> [WHAT IS REQUIRED]
Your answer must be an exact transcription of the lines from the line with "this 1600×900 image." through the final line of the data.

> [Records from a dataset]
-------

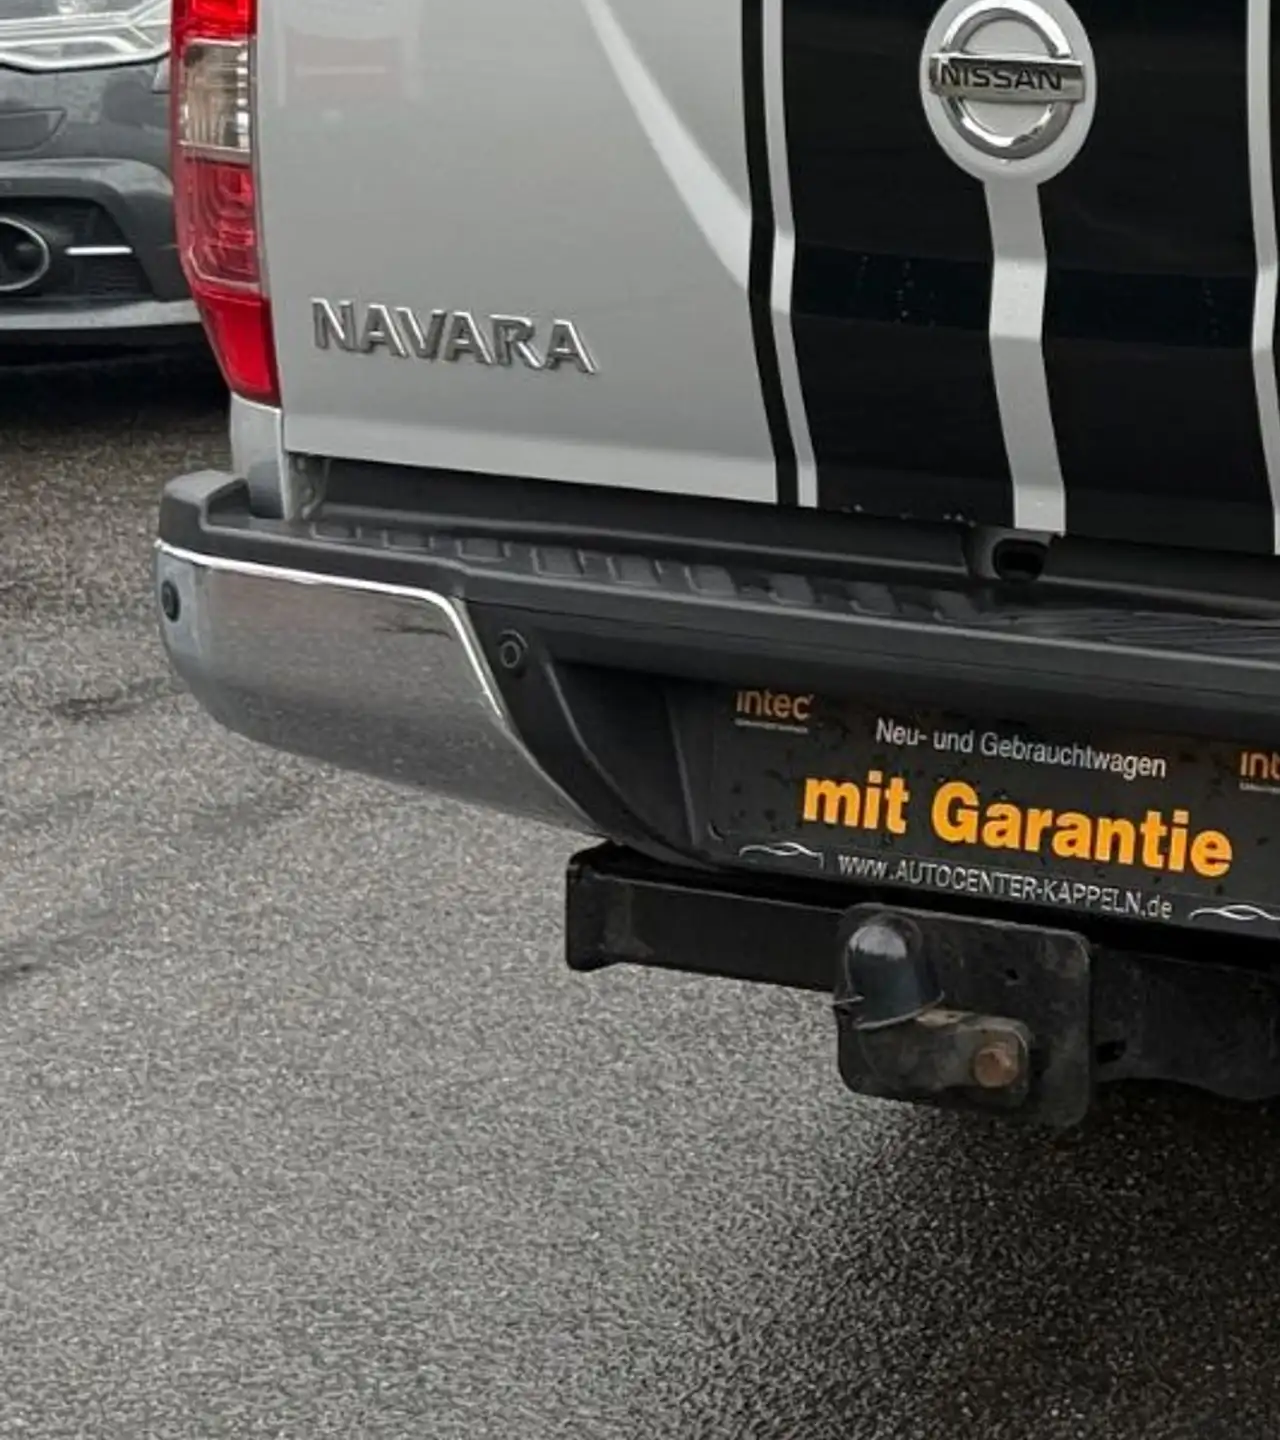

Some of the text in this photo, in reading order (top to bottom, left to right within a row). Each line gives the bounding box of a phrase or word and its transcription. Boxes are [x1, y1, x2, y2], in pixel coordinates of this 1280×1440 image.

[940, 64, 1063, 91] NISSAN
[310, 296, 600, 374] NAVARA
[875, 718, 1167, 781] Neu- und Gebrauchtwagen
[803, 771, 1233, 878] mit Garantie
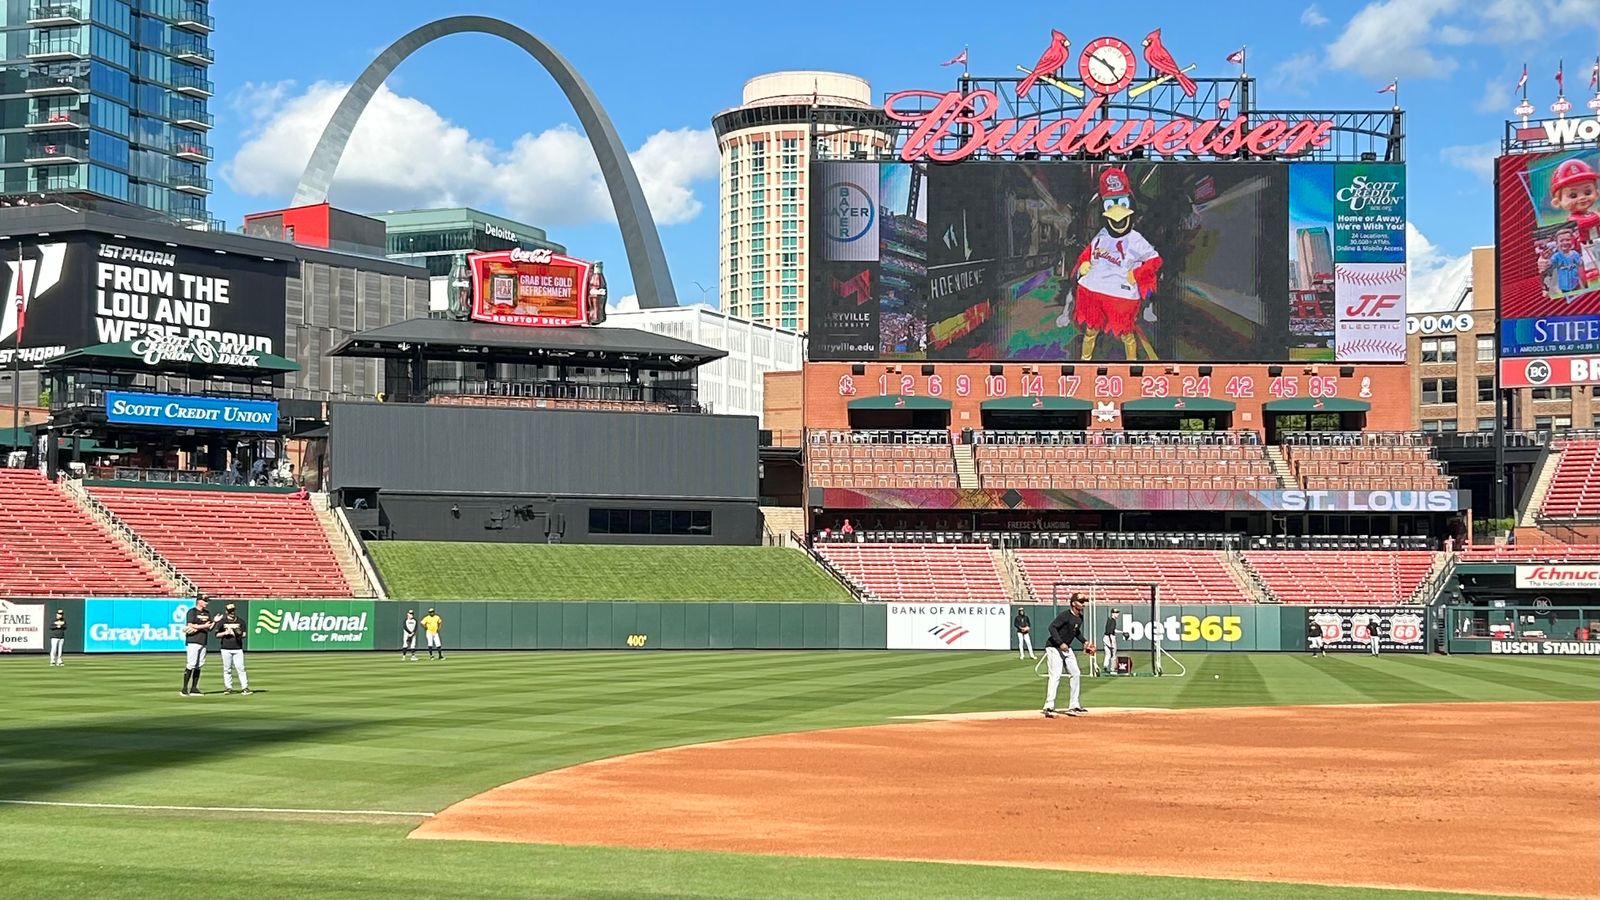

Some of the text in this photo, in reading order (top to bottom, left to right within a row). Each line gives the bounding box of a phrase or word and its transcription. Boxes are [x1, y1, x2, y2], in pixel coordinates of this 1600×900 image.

[885, 89, 1333, 162] Budweiser
[1351, 175, 1399, 190] SCOTT
[1336, 187, 1393, 201] CREDIT
[1350, 196, 1400, 210] UNION
[823, 207, 869, 217] AYER
[840, 187, 849, 237] BAYER
[1337, 214, 1363, 222] Home
[1376, 214, 1402, 223] Away,
[510, 247, 552, 264] Coca-Cola
[97, 262, 230, 304] FROM THE
[520, 275, 540, 286] GRAB
[541, 276, 553, 287] ICE
[520, 285, 572, 298] REFRESHMENT
[97, 290, 210, 328] LOU AND
[493, 315, 568, 325] ROOFTOP DECK
[1407, 317, 1469, 330] TUMS
[1534, 319, 1600, 343] STIFE
[218, 342, 253, 355] MVP
[143, 348, 194, 366] UNION
[217, 353, 260, 367] DECK
[1529, 359, 1600, 381] BC BR
[879, 374, 887, 396] 1
[901, 374, 915, 396] 2
[928, 374, 942, 396] 6
[956, 374, 970, 396] 9
[985, 375, 1007, 397] 10
[1021, 375, 1044, 397] 14
[1058, 375, 1081, 397] 17
[1095, 375, 1123, 397] 20
[1141, 375, 1169, 398] 23
[1182, 375, 1211, 398] 24
[1225, 376, 1254, 398] 42
[1269, 376, 1298, 398] 45
[1308, 376, 1338, 398] 85
[112, 400, 272, 424] SCOTT CREDIT UNION
[1281, 490, 1452, 511] ST. LOUIS
[1524, 567, 1600, 580] Schnuc
[891, 606, 1006, 616] BANK OF AMERICA
[3, 614, 31, 624] FAME
[1122, 613, 1242, 641] bet365
[1394, 625, 1416, 637] 66
[1, 634, 28, 644] Jones
[311, 633, 362, 642] Car Rental
[1491, 640, 1600, 655] BUSCH STADIU

-------

> [RESPONSE TO THE TASK]
Some of the text in this photo, in reading order (top to bottom, left to right within a row). Each line gives the bounding box of a phrase or word and its transcription. Boxes are [x1, y1, x2, y2], in pixel coordinates of this 1600×900 image.

[885, 89, 1333, 162] Budweiser
[1351, 175, 1399, 190] SCOTT
[1336, 187, 1393, 201] CREDIT
[1350, 196, 1400, 210] UNION
[823, 207, 869, 217] AYER
[840, 187, 849, 237] BAYER
[1337, 214, 1363, 222] Home
[1376, 214, 1402, 223] Away,
[510, 247, 552, 264] Coca-Cola
[97, 262, 230, 304] FROM THE
[520, 275, 540, 286] GRAB
[541, 276, 553, 287] ICE
[520, 285, 572, 298] REFRESHMENT
[97, 290, 210, 328] LOU AND
[493, 315, 568, 325] ROOFTOP DECK
[1407, 317, 1469, 330] TUMS
[1534, 319, 1600, 343] STIFE
[218, 342, 253, 355] MVP
[143, 348, 194, 366] UNION
[217, 353, 260, 367] DECK
[1529, 359, 1600, 381] BC BR
[879, 374, 887, 396] 1
[901, 374, 915, 396] 2
[928, 374, 942, 396] 6
[956, 374, 970, 396] 9
[985, 375, 1007, 397] 10
[1021, 375, 1044, 397] 14
[1058, 375, 1081, 397] 17
[1095, 375, 1123, 397] 20
[1141, 375, 1169, 398] 23
[1182, 375, 1211, 398] 24
[1225, 376, 1254, 398] 42
[1269, 376, 1298, 398] 45
[1308, 376, 1338, 398] 85
[112, 400, 272, 424] SCOTT CREDIT UNION
[1281, 490, 1452, 511] ST. LOUIS
[1524, 567, 1600, 580] Schnuc
[891, 606, 1006, 616] BANK OF AMERICA
[3, 614, 31, 624] FAME
[1122, 613, 1242, 641] bet365
[1394, 625, 1416, 637] 66
[1, 634, 28, 644] Jones
[311, 633, 362, 642] Car Rental
[1491, 640, 1600, 655] BUSCH STADIU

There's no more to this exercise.